[Smashy the Hammer] [An Aspiring Luddite]
I carry no phone
An aspiring Luddite
In a wired world.
[Jeff Berry]
Jeff Berry is an early adopter of the Internet and the Web, a late adopter of Twitter, and declines to adopt Facebook. With the death of Google+, he's experimenting with federated platforms. He admins a medievalist Mastodon instance, and can found on the PlusPora diaspora pod. He hates cell-phones.

My Take on Spinach Salad
19 April 2012

We had a "family gathering" over the weekend for a couple of my students and one of their wives, and it was a festival of conversation, game-playing (the excellent Arkham Horror), and, of course, eating. The centerpiece was cassoulet, something of a speciality of mine I must confess. This particular cassoulet featured fresh duck, homemade duck confit, smoked ham hock and a smoked kielbasa.

Since the point of the weekend was to share quality time with my friends, there are no pictures of the cassoulet and no recipe to follow. Instead of taking notes and pictures for this website, we chatted, laughed, ate and drank and enjoyed each other's company without worrying about anything Internetish or computery. (Although, to be fair, one person did install Linux on an old cell-phone over breakfast one morning.)

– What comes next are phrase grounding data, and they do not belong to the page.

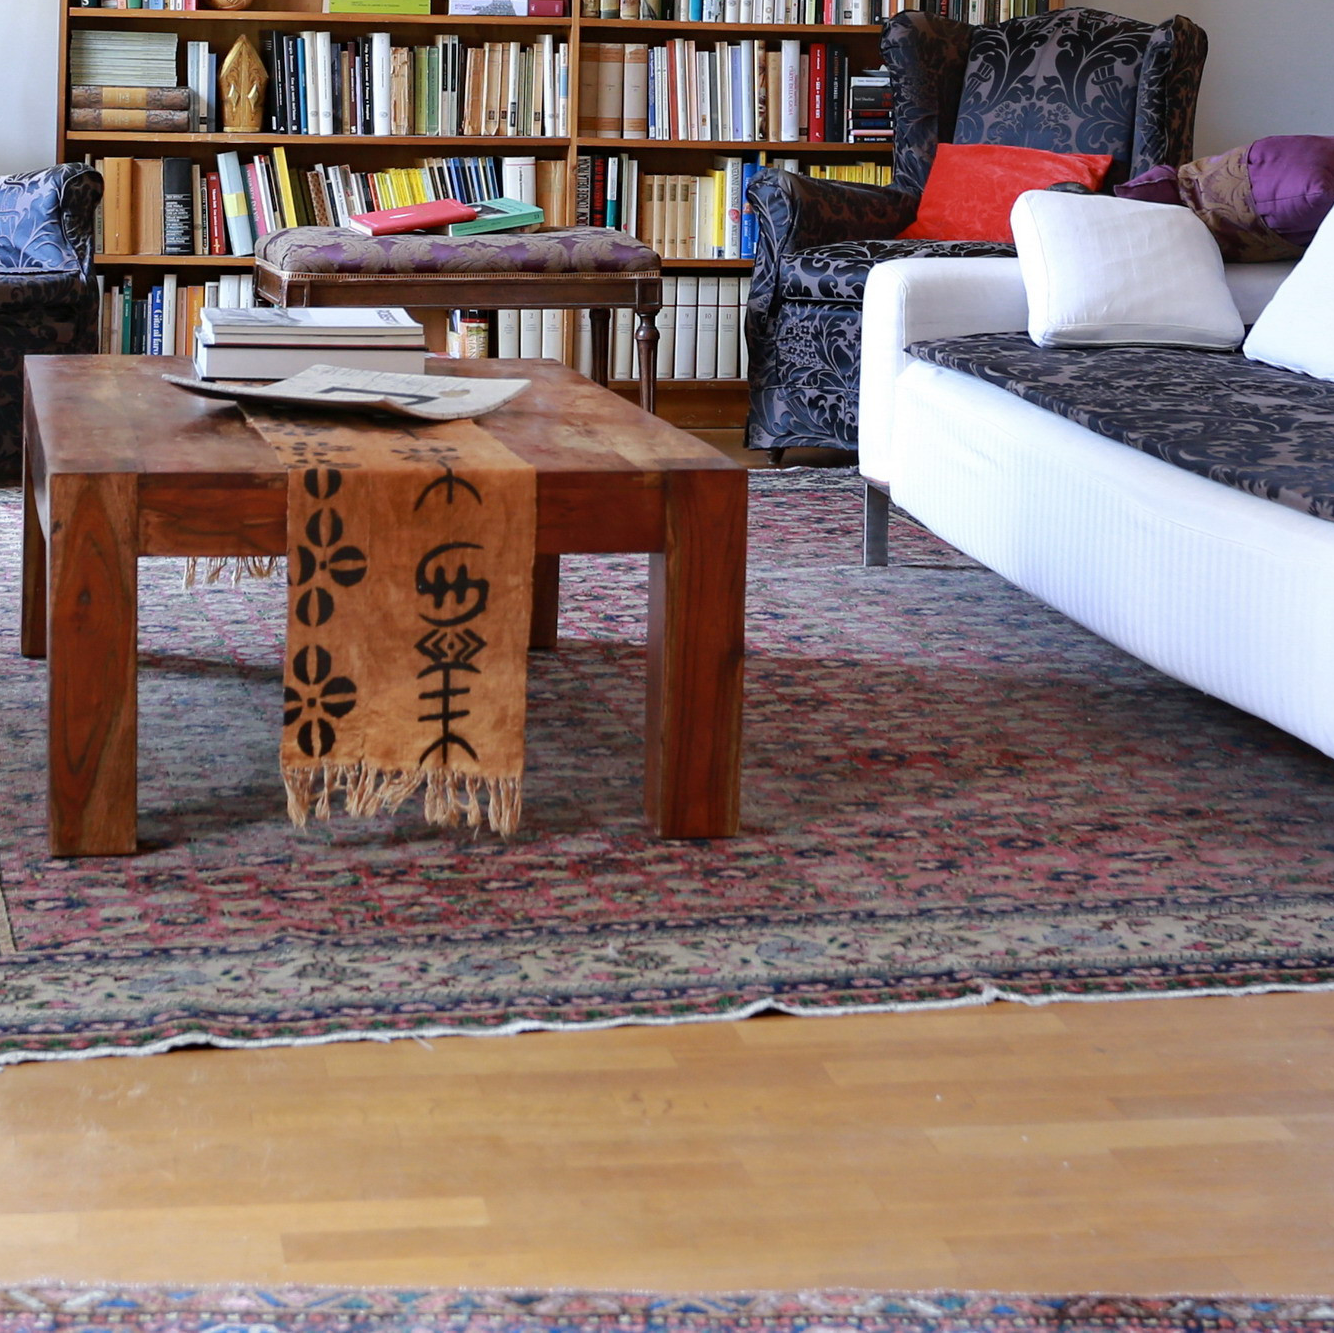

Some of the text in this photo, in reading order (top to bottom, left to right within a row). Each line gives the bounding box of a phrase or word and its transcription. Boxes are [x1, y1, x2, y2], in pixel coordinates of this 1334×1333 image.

[576, 158, 590, 174] PROVA
[576, 175, 590, 189] DELLA
[153, 309, 162, 327] Gita
[153, 328, 162, 337] al
[153, 338, 162, 355] faro
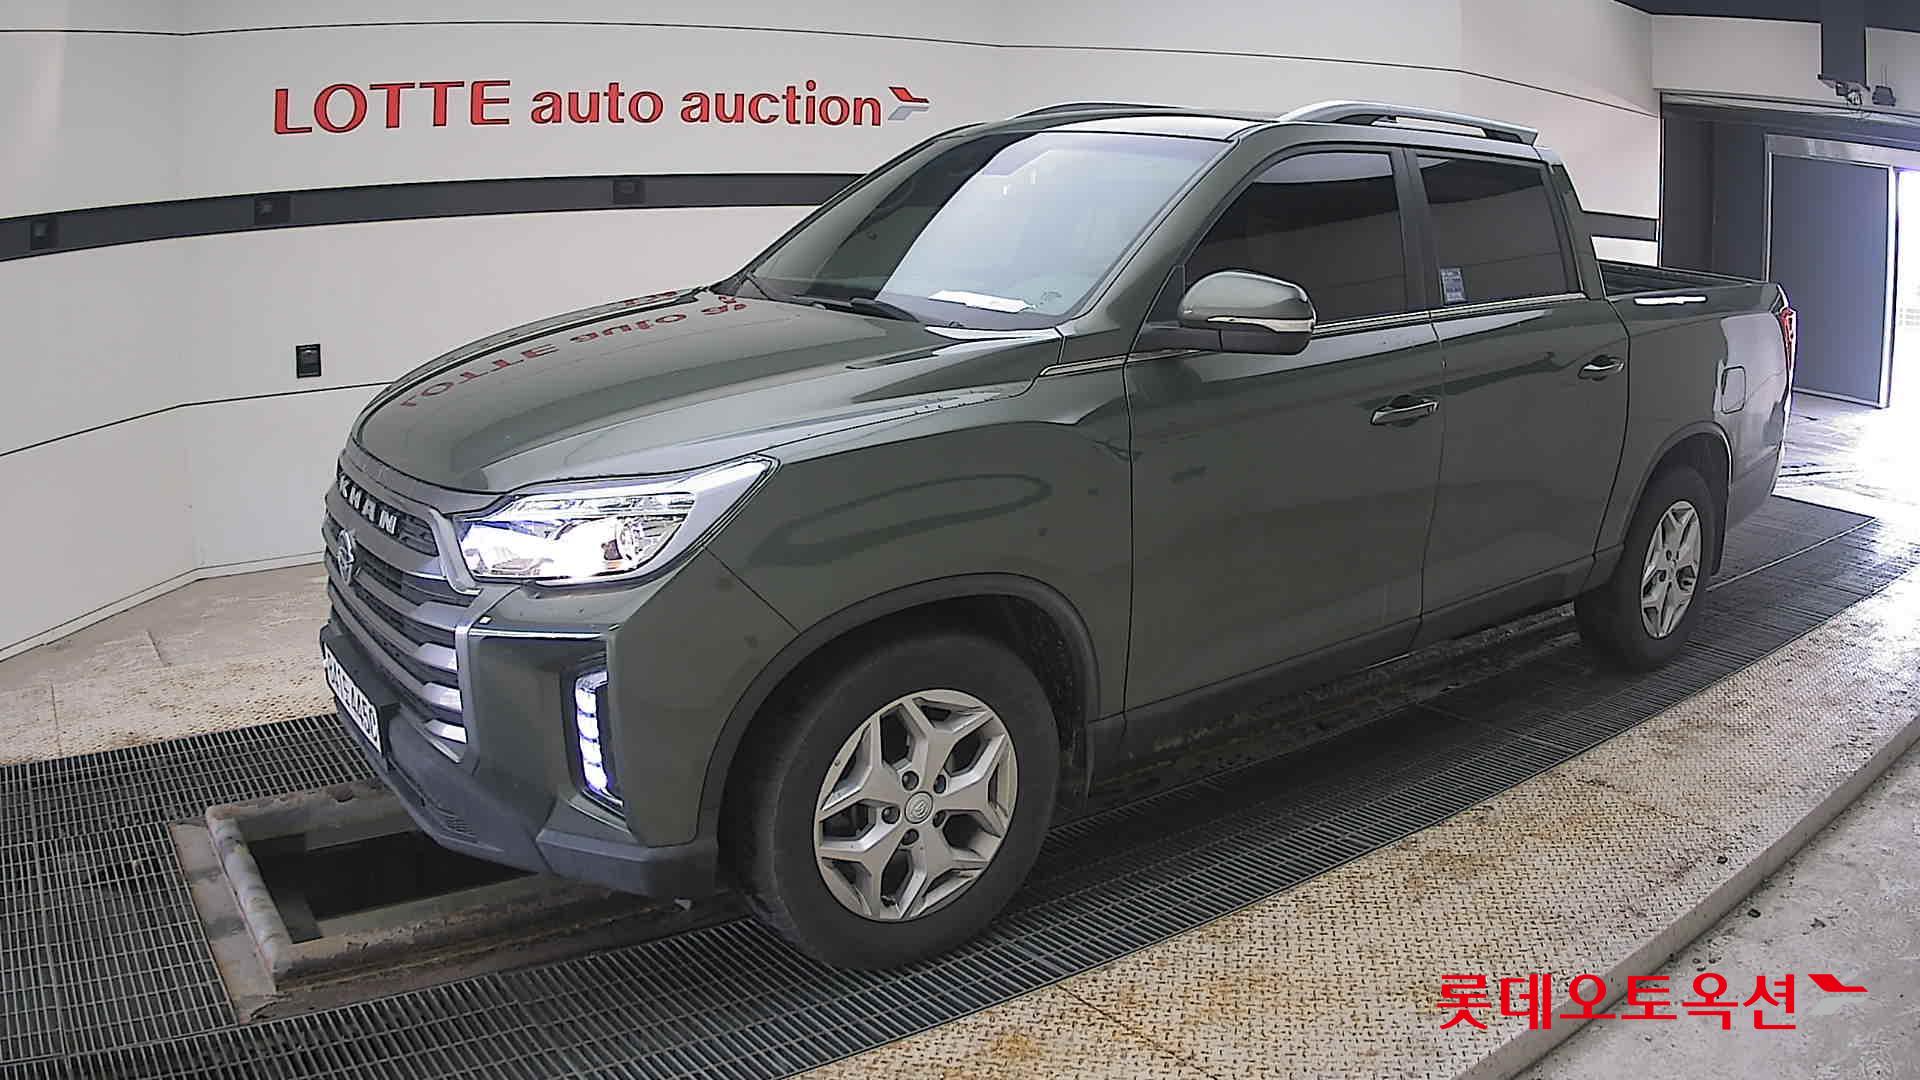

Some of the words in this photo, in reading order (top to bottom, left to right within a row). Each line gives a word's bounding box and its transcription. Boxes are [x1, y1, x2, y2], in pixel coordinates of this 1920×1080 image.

With the cassoulet, we had a lovely spinach salad, and there were enough ingredients left over for a reprise the next night. I did take notes that time. To go with it, I pan-fried up a lovely bit of steak from a slab which the same person who installed Linux had brought. (He also brought kidneys, of which more anon.) A simple and delicious sauce for the steak completed the meal.

Simple Tomato Sauce for Steak

Put all the ingredients into a small saucepan and bring to a simmer. Simmer for at least an hour, essentially until the wine has all cooked out and what you have left is a thick, tomatoey ... not paste, exactly, since the tomatoes went in chunks, but it should look much like a chutney. Spoon it over a simple seared or grilled steak. If you wish, garnish with scallions or ramps. ('Tis the season ...)

While the sauce is cooking, you can make the salad.

Spinach Salad

[Layered Salad] Start with the bacon. Slab or slices will do, because in either case you should cut them into matchsticks and toss them into a medium-to-medium-hot skillet. Let the fat render out and let the little pieces get crispy. (Usually I prefer my bacon chewy, but for this salad, crispy is better.) When the bacon is done remove it with a slotted spoon, but don't do anything rash with the bacon grease. Just let it be.

Meanwhile, wash the spinach, drain it and cut into salad-sized pieces. Or cut it and then drain it, your choice.

For the onions, the best choice is a mandolin. If you've got one, run your onion through with the narrowest blade - I've got a 0.75mm. If you don't, cut the onion as thin as you can with the best technology you have.

The 'shrooms could also be run through the mandolin, but I like them a little thicker, so I run them through the food processor instead. Then you may assemble the spinach, onions and mushrooms.

While not traditional, exactly, I add cheese at this point. Feta is good, but in this case, I used a crumbly goat cheese that was nowhere near as salty as Feta, and it was good, too. If you opt for cheese, add it now. If your dressing is warm enough when you add it, the cheese will get a bit soft, too - fantastic.

[Tossed Salad] At this point, you can wait for a while if you want; that is to say, this much can be prepared ahead of time. When you are ready to serve, make sure the bacon grease is hot - which if you're moving straight from cooking the bacon to serving is easy. Some folks would tell you to pour off all but a tablespoon or two the fat before this next bit, and you can if you want, but I don't. I use all the porky, fatty goodness which the bacon has bequeathed me. Add the balsamic vinegar to the skillet and deglaze like a mad person, letting the vinegar and oil get back up to a nice, pretty hot, temperature. Dump that over the salad, along with the bacon, and toss. The hot dressing should wilt the spinach ever so slightly while it cools.